Problem to be Solved: Triple-negative breast cancer (TNBC) is a deadly disease that accounts for 15-20% of all diagnosed breast cancers worldwide. Metastatic relapse of TNBC carries a poorer prognosis and lower survival rate compared to other breast cancer subtypes. Therefore, identifying novel targets and new therapeutics to treat patients diagnosed with TNBC remains a significant priority of the National Institutes of Health. Product and Long-Term Goal: Nanometics is developing a once daily, oral therapeutic, dubbed MTDIA for the treatment of TNBC. MTDIA inhibits a novel target, 5 -methylthioadenosine phosphorylase (MTAP), and disrupts biochemical pathways crucial for cancer growth. Technical Innovation: The MTAP enzyme is a promising new target for anti-cancer therapeutics because its systemic inhibition results in the whole-body accumulation of the 5'-methylthioadenosine (MTA) metabolite, which alters known anti-cancer pathways. Oral dosing with MTDIA is effective against both MTAP-positive and MTAP-negative tumors, causing a significant reduction in primary tumor growth rates and regression of existing tumors.
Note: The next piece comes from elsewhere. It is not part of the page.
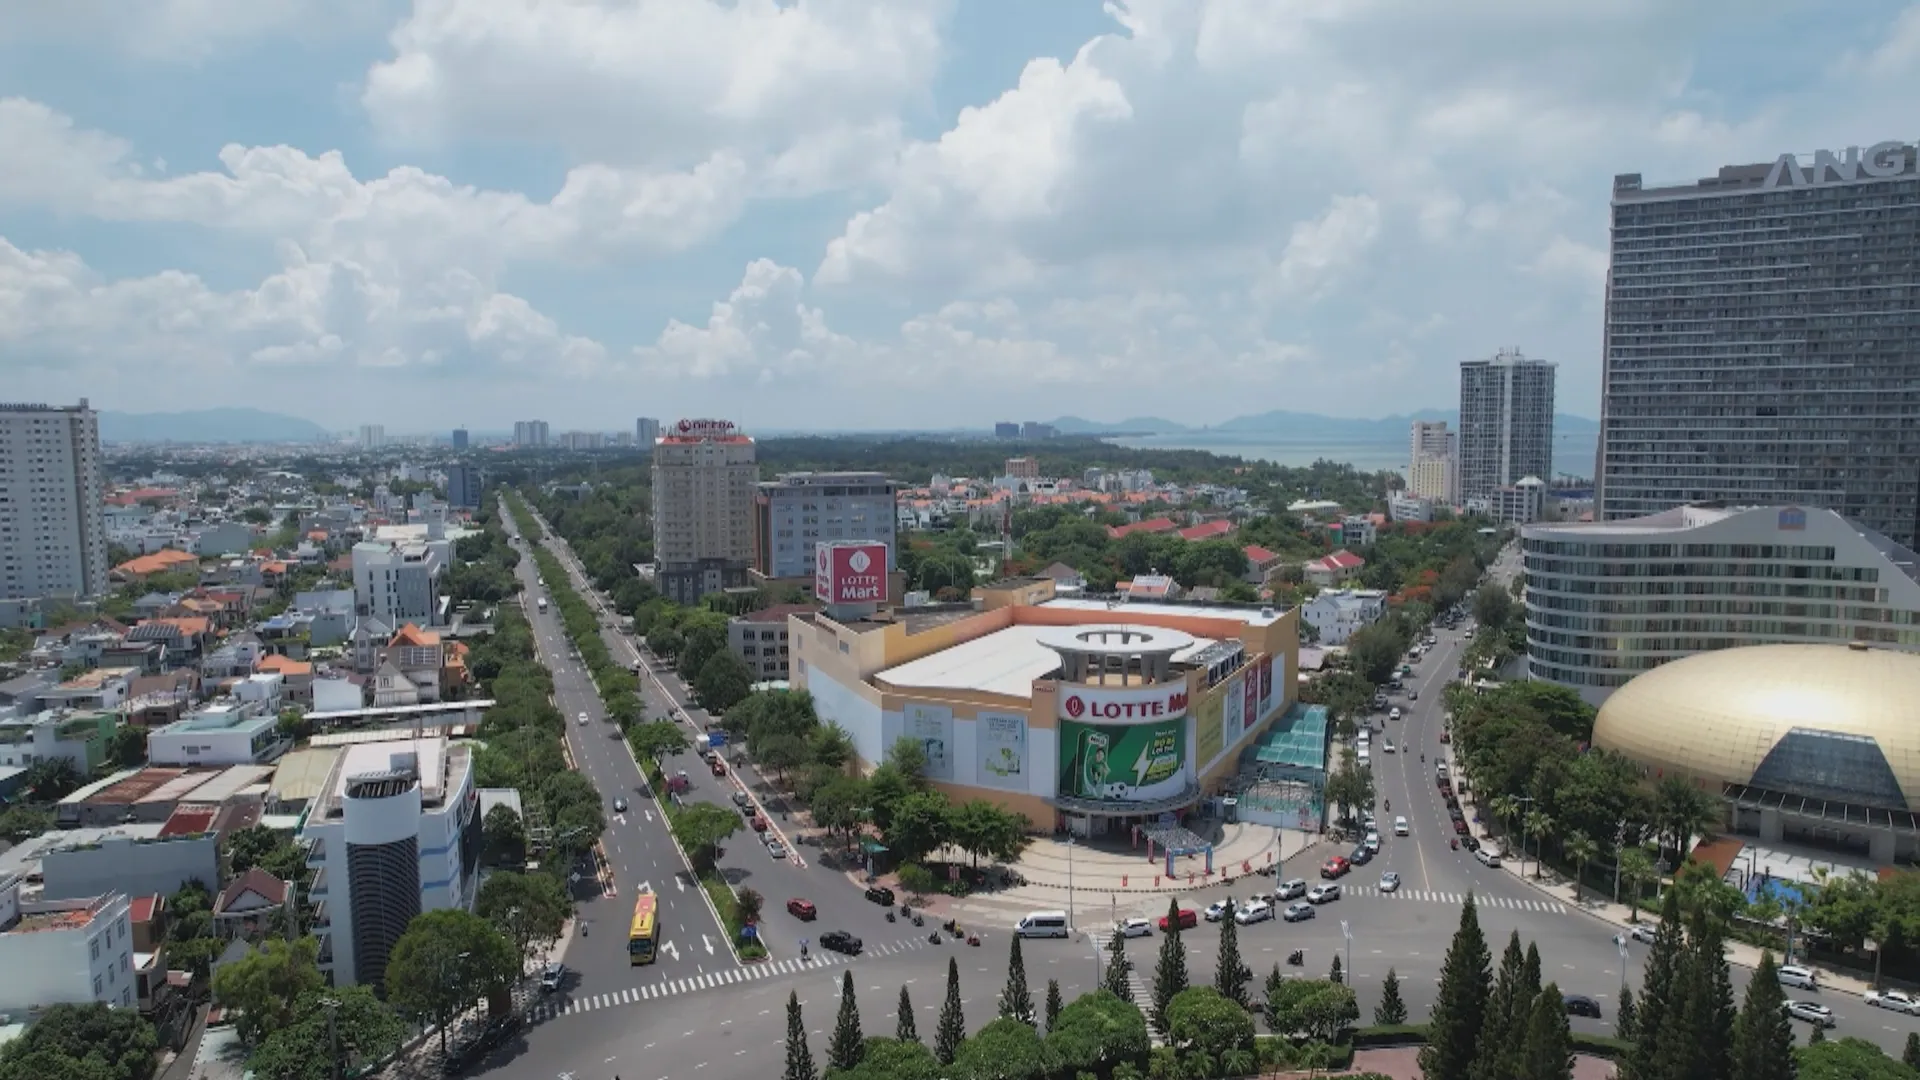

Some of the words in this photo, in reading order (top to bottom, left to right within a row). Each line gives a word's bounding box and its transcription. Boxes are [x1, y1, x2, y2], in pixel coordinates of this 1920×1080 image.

[841, 575, 879, 585] LOTTE
[842, 585, 879, 599] Mart
[1091, 700, 1164, 718] LOTTE
Phase I Hypotheses: The hypotheses that will be tested during the Phase I STTR experiments are that: 1) clinically efficacious oral doses of MTDIA will be tolerable (non-toxic) in rat models, and 2) MTDIA will suppress tumor growth rates in rats with similar efficacy as demonstrated in mice (see Preliminary Results). Specific Aims: The specific aims of this Phase I STTR are to: 1) determine that pharmacologically relevant oral doses of MTDIA are non-toxic and tolerable in rats, and 2) determine that MTDIA suppresses TNBC tumors in rats to the same extent as has been demonstrated in mouse models. Phase II: Phase II STTR studies will establish toxicity of MTDIA in rats and beagle dogs under GLP guidelines. Commercial Opportunity: The global market for breast cancer therapeutics is forecast to reach $13.86 billion by 2017. Because the treatment options for metastatic relapse of TNBC are limited, there remains a significant need for new drugs that work through novel modes of action.